Tari ridotta se il servizio non è regolare
Riduzione della Tari se il servizio non è regolare
La Corte di Cassazione, con l’ordinanza 5940 del 23 febbraio 2022, si è pronunciata in materia di Tari, stabilendo che i contribuenti hanno diritto a pagare il contributo in misura ridotta se il servizio non viene svolto o non viene svolto in maniera regolare. Se l’attività di raccolta dei rifiuti non viene effettuata fin dove ha sede l’azienda e la stessa è costretta a richiedere un servizio sostitutivo privato, la tassa non è dovuta integralmente.
Tari ridotta
La Tari, o tassa sui rifiuti, ai sensi dell'art. 1 c. 641 L. n. 147/2013, spetta a chiunque sia in possesso, o detenga a qualsiasi titolo (ad esempio, locazione, comodato d’uso, usufrutto, proprietà, ecc.), locali o aree scoperte suscettibili di produrre rifiuti urbani È obbligato a pagare la TARI chiunque occupi l’immobile, a prescindere se sia inquilino in affitto o proprietario. Sono invece escluse dal pagamento della TARI le aree escluse dal servizio pubblico di nettezza urbane, quali le aree scoperte pertinenziali o accessorie a civili abitazioni, e le aree condominiali comuni.
La Tari viene determinata da ogni Comune, in base al costo e al servizio reso.

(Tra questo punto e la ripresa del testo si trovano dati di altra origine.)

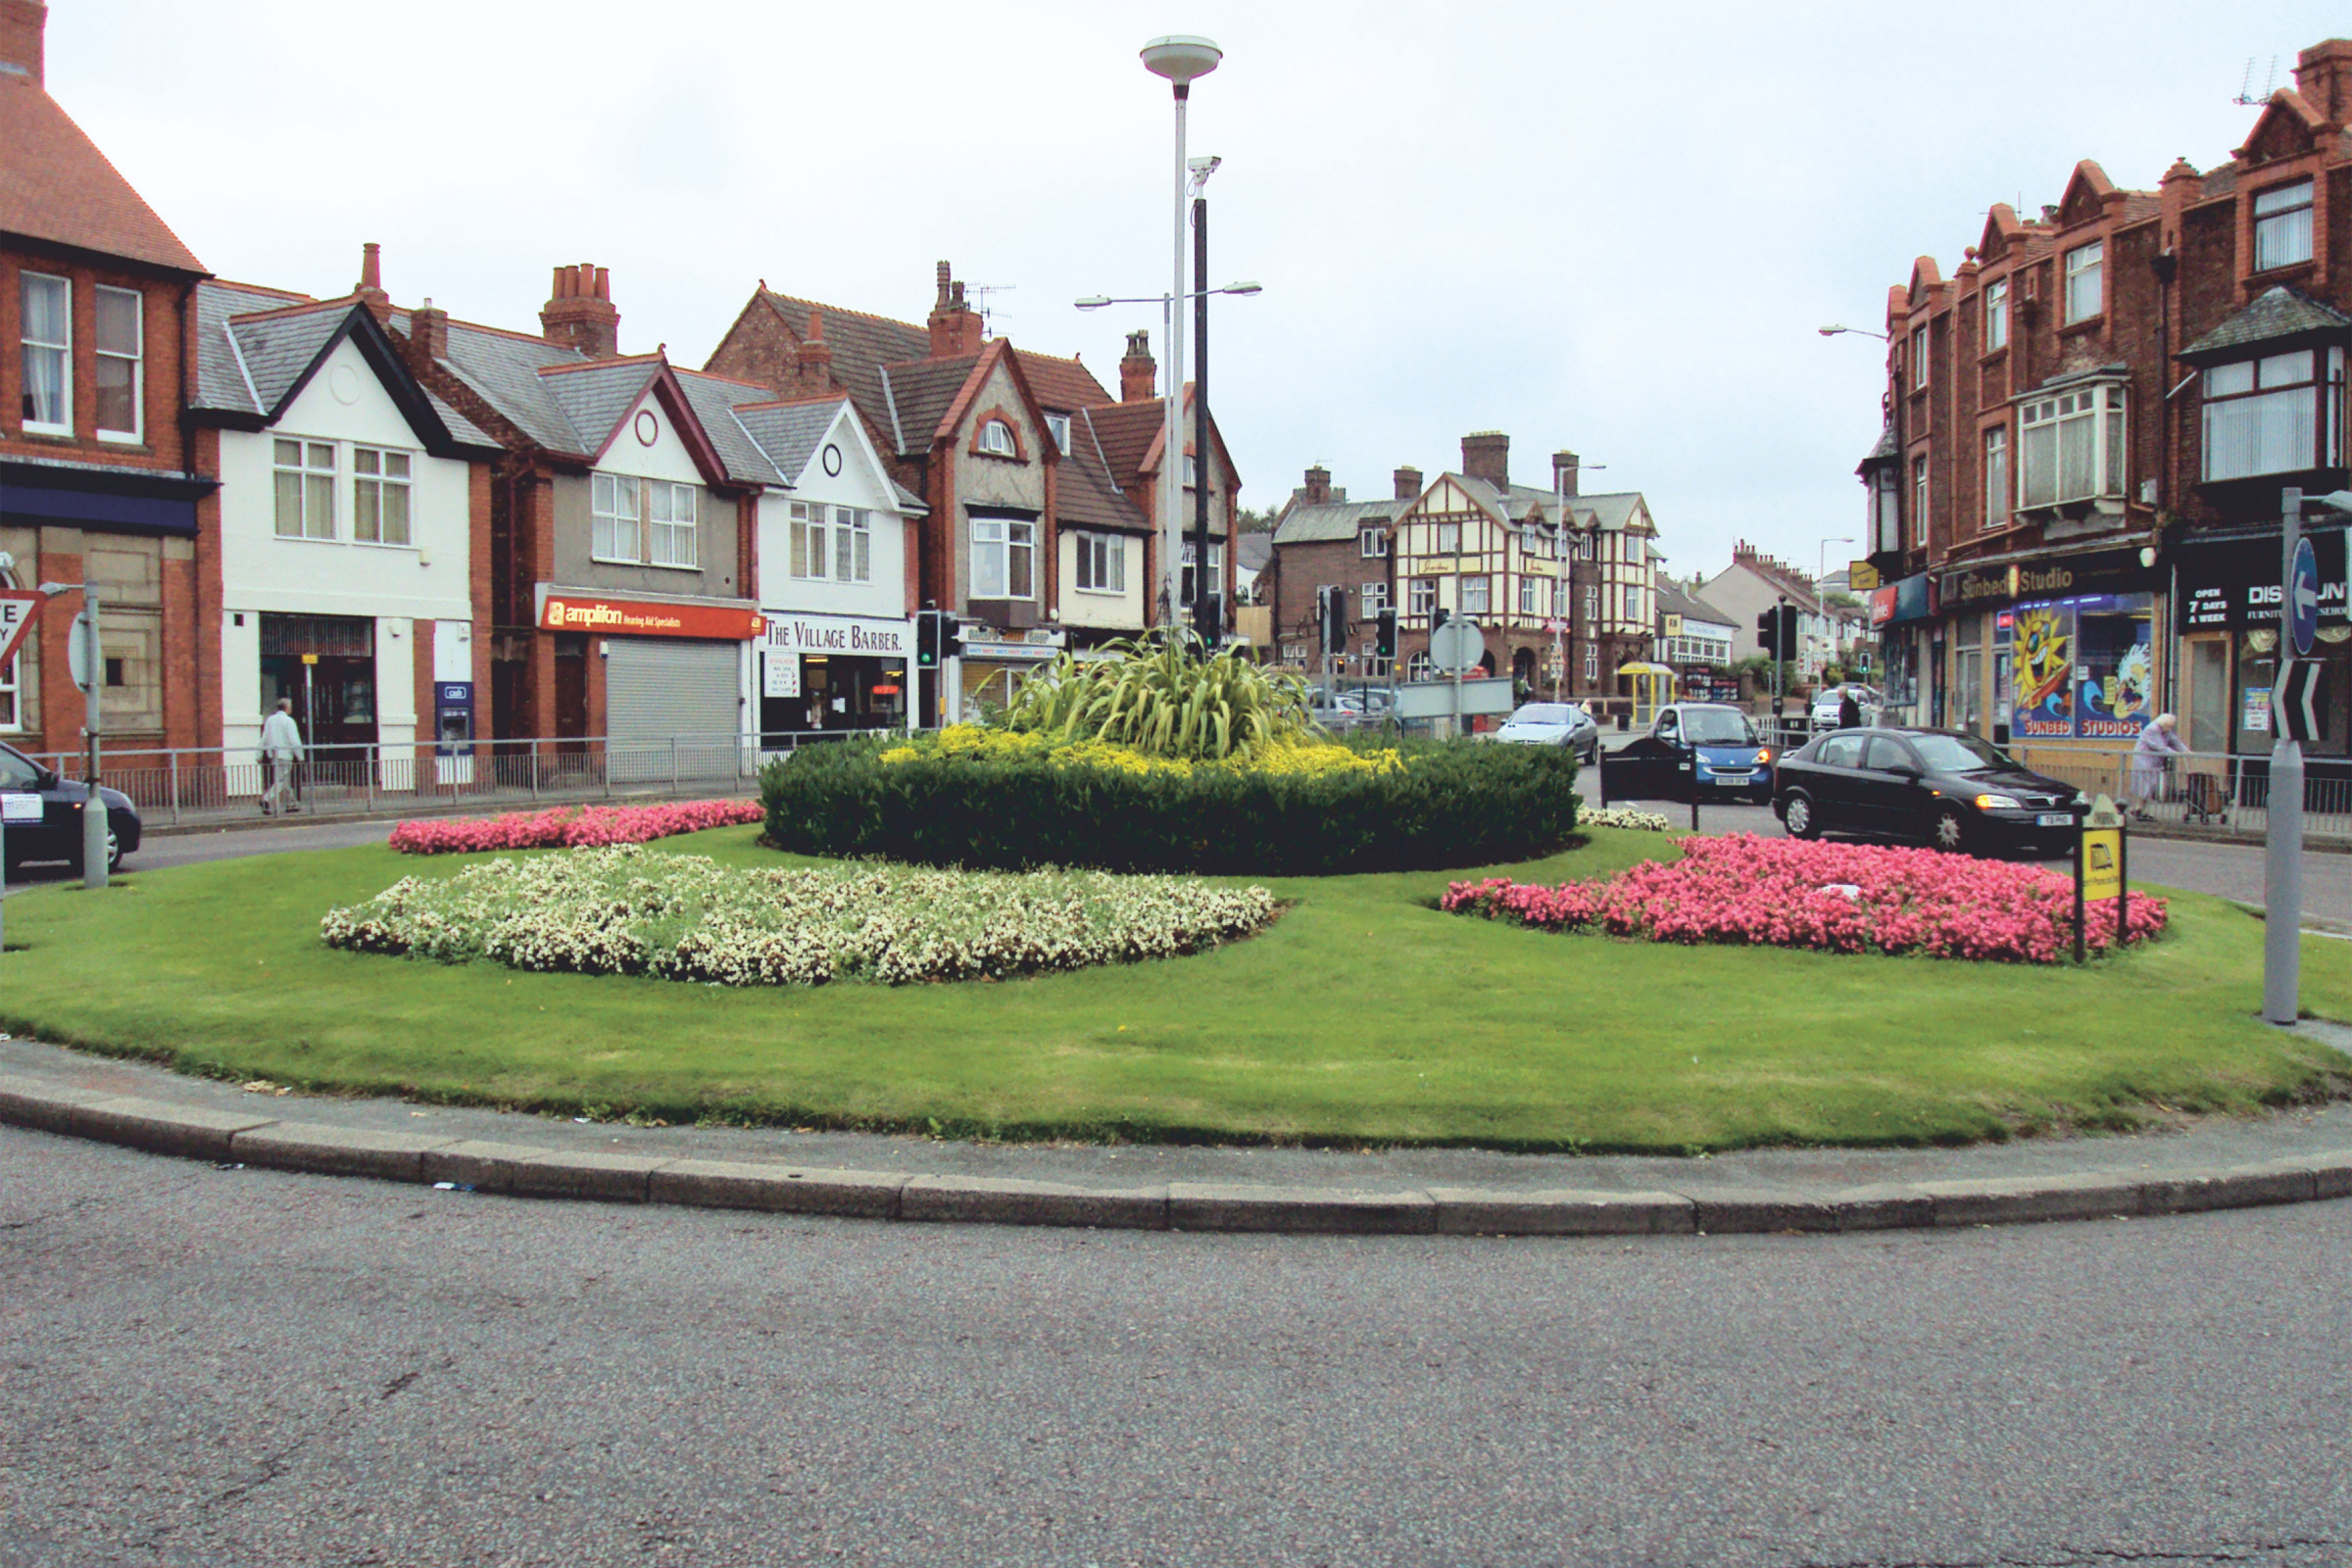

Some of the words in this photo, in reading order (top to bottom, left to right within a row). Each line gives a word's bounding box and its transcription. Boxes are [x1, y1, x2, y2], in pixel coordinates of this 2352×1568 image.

[1962, 574, 2009, 600] Sunbed
[2021, 567, 2073, 592] Studio
[2195, 588, 2221, 598] OPEN
[2188, 601, 2199, 613] 7
[2202, 600, 2228, 611] DAYS
[565, 604, 622, 627] amplifon
[624, 615, 645, 628] Hearing
[645, 615, 655, 626] Aid
[655, 615, 681, 628] Specialists
[2187, 615, 2197, 624] A
[2198, 612, 2226, 623] WEEK
[767, 620, 790, 646] THE
[795, 621, 846, 649] VILLAGE
[852, 625, 903, 651] BARBER.
[2025, 719, 2071, 735] SUNBED
[2081, 718, 2142, 736] STUDIOS
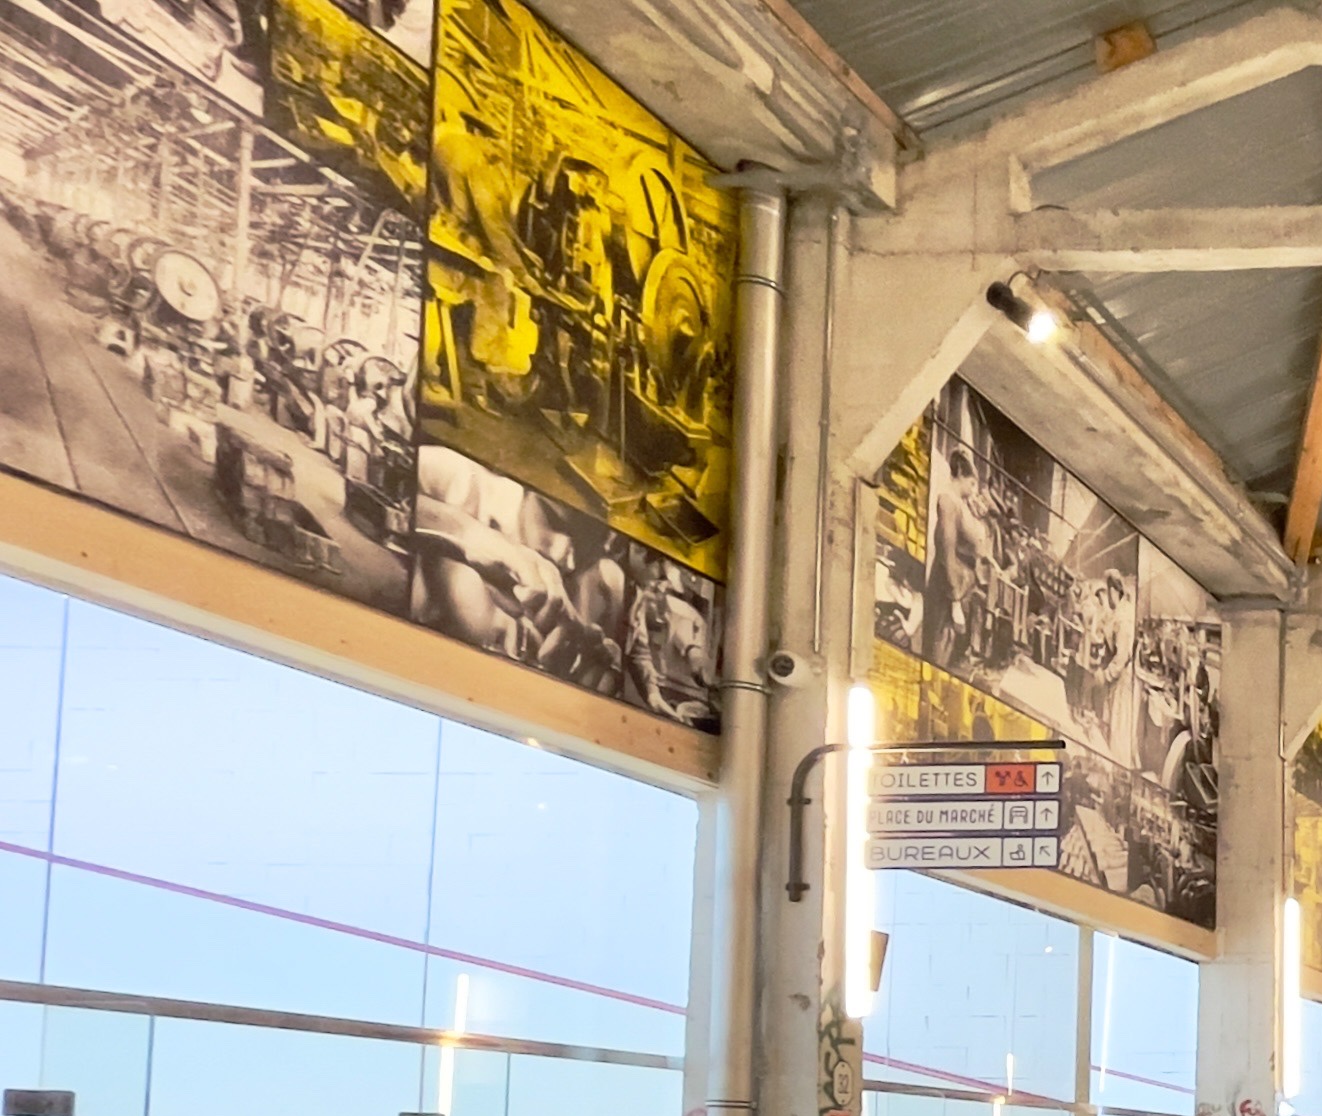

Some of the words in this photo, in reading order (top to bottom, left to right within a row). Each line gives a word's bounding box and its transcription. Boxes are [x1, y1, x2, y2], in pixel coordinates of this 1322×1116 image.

[916, 809, 934, 824] DU
[939, 803, 995, 825] MARCHÉ
[869, 844, 990, 861] BUREAUX
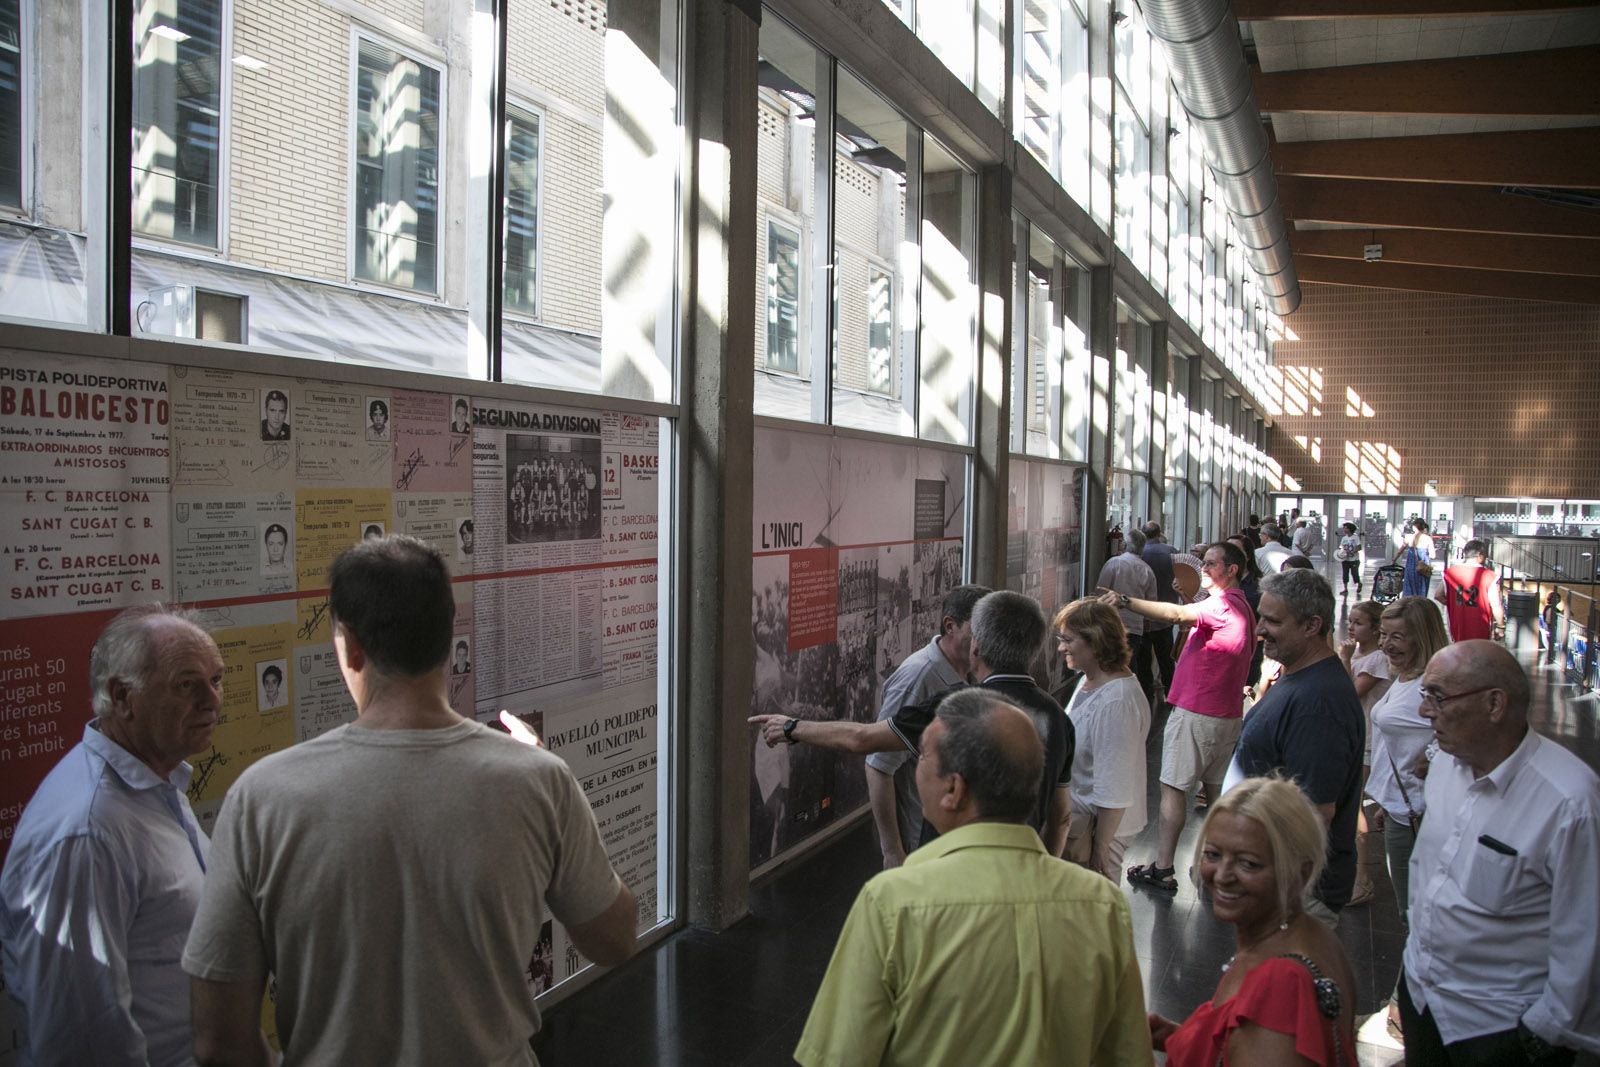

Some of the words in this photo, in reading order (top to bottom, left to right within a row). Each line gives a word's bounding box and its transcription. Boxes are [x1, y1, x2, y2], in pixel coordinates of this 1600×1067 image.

[0, 367, 48, 383] PISTA
[53, 371, 168, 393] POLIDEPORTIVA
[0, 386, 169, 425] BALONCESTO
[472, 407, 541, 429] SEGUNDA
[543, 414, 601, 433] DIVISION
[35, 427, 43, 436] 17
[45, 428, 54, 437] de
[56, 429, 96, 439] Septiembre
[151, 433, 169, 441] Tarde
[0, 441, 102, 455] EXTRAORDINARIOS
[109, 446, 170, 457] ENCUENTROS
[54, 458, 127, 469] AMISTOSOS
[604, 469, 615, 482] 12
[26, 490, 37, 502] F.
[45, 490, 57, 502] C.
[66, 490, 150, 503] BARCELONA
[22, 518, 62, 530] SANT
[70, 517, 117, 529] CUGAT
[124, 517, 136, 528] C.
[143, 517, 153, 528] B.
[619, 532, 637, 542] SANT
[762, 522, 803, 549] L'INICI
[28, 545, 38, 553] 20
[14, 558, 29, 571] F.
[37, 557, 53, 570] C.
[61, 553, 161, 569] BARCELONA
[11, 584, 60, 600] SANT
[67, 581, 123, 596] CUGAT
[131, 580, 144, 592] C.
[151, 579, 165, 590] B.
[619, 576, 637, 587] SANT
[616, 622, 637, 635] SANT
[46, 657, 66, 676] 50
[48, 680, 66, 695] en
[27, 720, 58, 737] han
[547, 718, 600, 751] PAVELLÓ
[604, 703, 658, 732] POLIDEPO
[18, 735, 65, 758] àmbit
[585, 726, 648, 758] MUNICIPAL
[583, 780, 594, 791] DE
[597, 775, 607, 786] LA
[611, 765, 635, 780] POSTA
[638, 759, 648, 770] EN
[605, 794, 611, 804] 3
[615, 790, 621, 799] 4
[620, 788, 628, 798] DE
[630, 783, 645, 795] JUNY
[615, 804, 641, 821] DISSABTE

La regola è “chi più inquina, più paga”; il Comune, infatti, commisura la tassa in base alla media ordinaria di rifiuti prodotta per unità di superficie. La Tari, inoltre, è applicata in base a tariffa giornaliera per il servizio di gestione dei rifiuti assimilati prodotti da soggetti che occupano o detengono temporaneamente, con o senza autorizzazione, locali od aree pubbliche o di uso pubblico.
Secondo la Corte Suprema, dunque, è proprio il disservizio fornito a dover determinare una riduzione della Tari. La riduzione spetta al contribuente qualora il servizio non venga svolto, svolto in maniera inefficace, senza rispettare i criteri previsti dalla legge e dal regolamento comunale, o venga svolto in grave difformità rispetto alle modalità regolamentari relative alle distanze e capacità dei contenitori e alla frequenza della raccolta.
Per la Corte si tratta di “riduzioni cosiddette tecniche, chiamate a regolare situazioni in cui si realizza una contrazione del servizio, e quindi dei costi per il suo espletamento, per motivi oggettivi e a favore di una pluralità indistinta e generalizzata di utenti, i cui presupposti operativi sono dettagliatamente disciplinati dalla legge”. L’agevolazione deve essere garantita a prescindere da una espressa previsione nel regolamento comunale, è sufficiente che il contribuente dimostri che sussistono i presupposti normativi per avere diritto alla riduzione del tributo dovuto.
Ancora, la Corte ha precisato che «una misura massima della tariffa applicabile, rispettivamente 20% e 40%, graduabile in ribasso, consente di affermare che tali riduzioni siano obbligatorie e che, al verificarsi delle indicate situazioni oggettive che vanno a incidere sul presupposto impositivo, spettino ope legis. Alla luce di quanto detto sopra la riduzione va calcolata in base al peso economico della carenza del servizio, parametrato in termini chilometrici.
Si noti che la Corte ha applicato quanto stabilito già dalla legge di Stabilità 2014 (147/2013), commi 656 e 657. La disciplina era infatti preliminarmente riferita alla Tarsu, mentre è stata poi applicata anche alla Tari. La Legge prevede che anche la Tari sia dovuta nella misura del 20% in caso di mancato svolgimento del servizio e in misura non superiore al 40% nelle zone in cui non è effettuata la raccolta, da graduare in relazione alla distanza dal più vicino punto di raccolta.